The Adversary System

I. The Roles of the Judge & Jury

a. In most cases, the judge decides the admissibility of the evidence, and the jury decides the weight of the evidence, and the credibility of the witnesses.

b. only that evidence which is rationally related to the resolution of the case ought to be part of the decision-making process

· Judicial Questioning

· Reversals Rare

· Expressive Conduct

· Bench Trials

· Jury Questioning

· Court Witnesses

· Comparative law


United States v. Beaty (1983) “Judge’s Involvement in a Case” p. 2

The conviction of one was reversed (Ballouz), while the conviction of the other was not (Beaty).
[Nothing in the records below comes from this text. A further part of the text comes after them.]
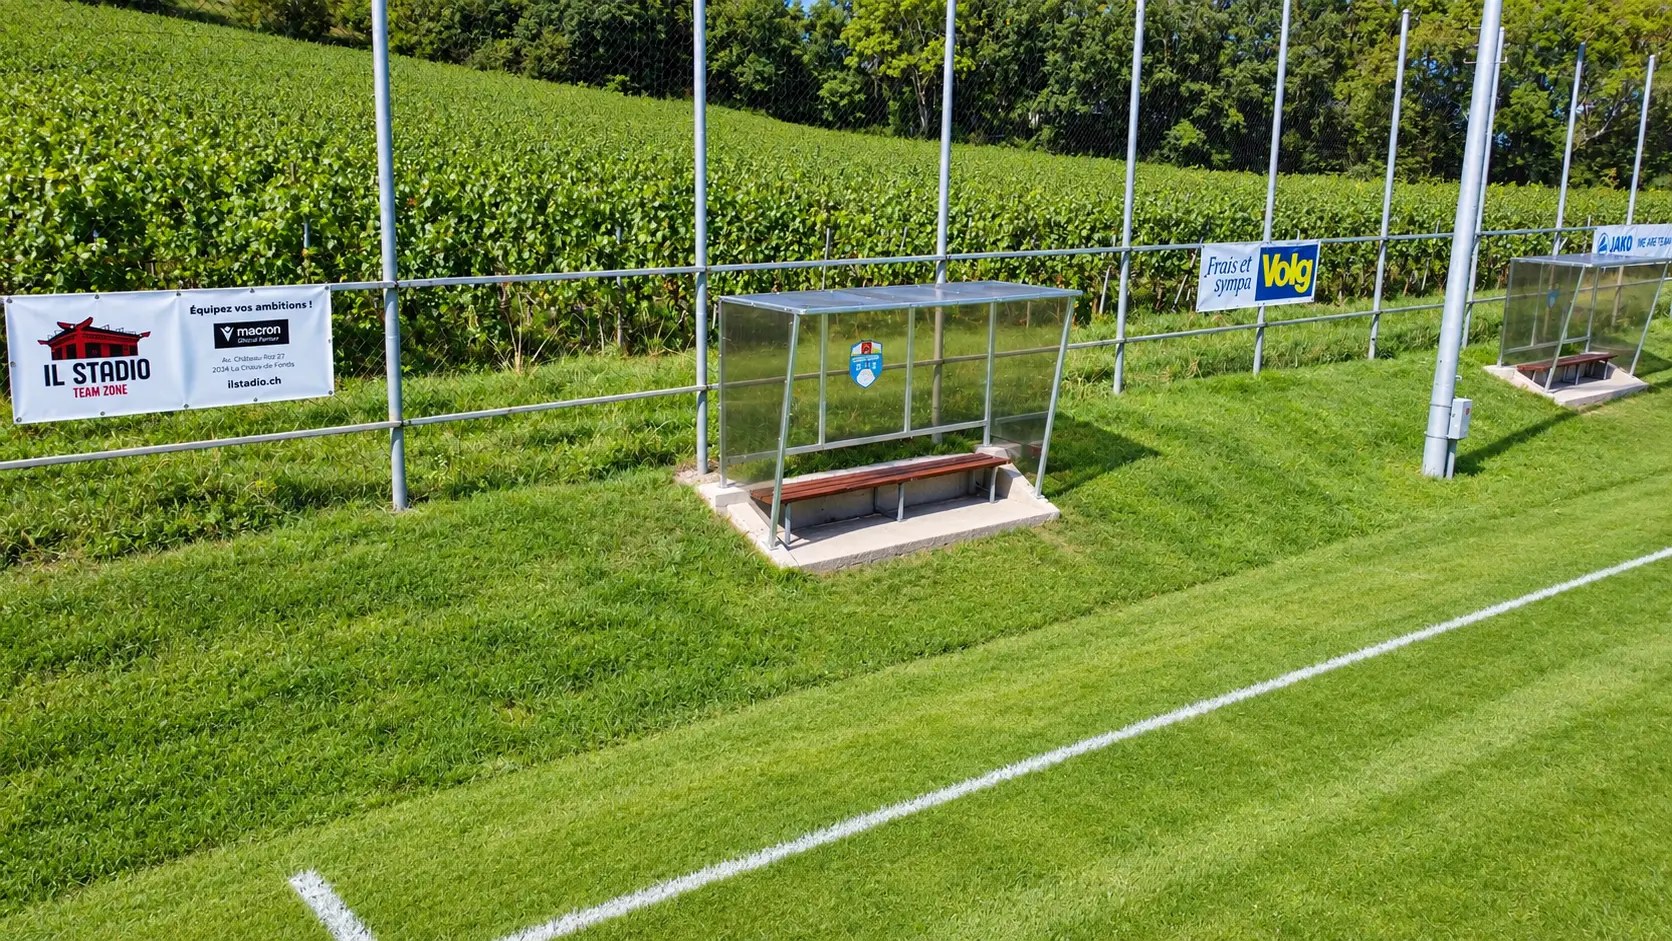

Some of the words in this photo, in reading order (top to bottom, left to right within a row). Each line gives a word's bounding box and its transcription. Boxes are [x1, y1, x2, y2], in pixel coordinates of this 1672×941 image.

[1609, 235, 1633, 252] JAKO
[1204, 256, 1238, 278] Frais
[1240, 256, 1252, 273] et
[1262, 253, 1313, 293] Volg
[1214, 277, 1252, 297] sympa
[190, 305, 232, 316] Équipez
[234, 305, 253, 313] vos
[255, 301, 307, 311] ambitions
[237, 326, 281, 336] macron
[44, 364, 65, 387] IL
[72, 358, 151, 385] STADIO
[73, 386, 101, 398] TEAM
[103, 384, 128, 396] ZONE
[227, 376, 282, 389] ilstadio.ch
A judge must not assume the role of an advocate. Beaty’s conviction was not overturned b/c his attorney was not chilled & the assistance of counsel was effective. Interrupting cross-examination did not amount to the level of prejudicial error. But in the case of Ballouz, the judge lengthily questioned the witnesses in a manner like that of cross-examination. Questions that are used to “clarify” are ok, but it cannot be used to emphasize a party’s proof or question the credibility of the party & his witnesses.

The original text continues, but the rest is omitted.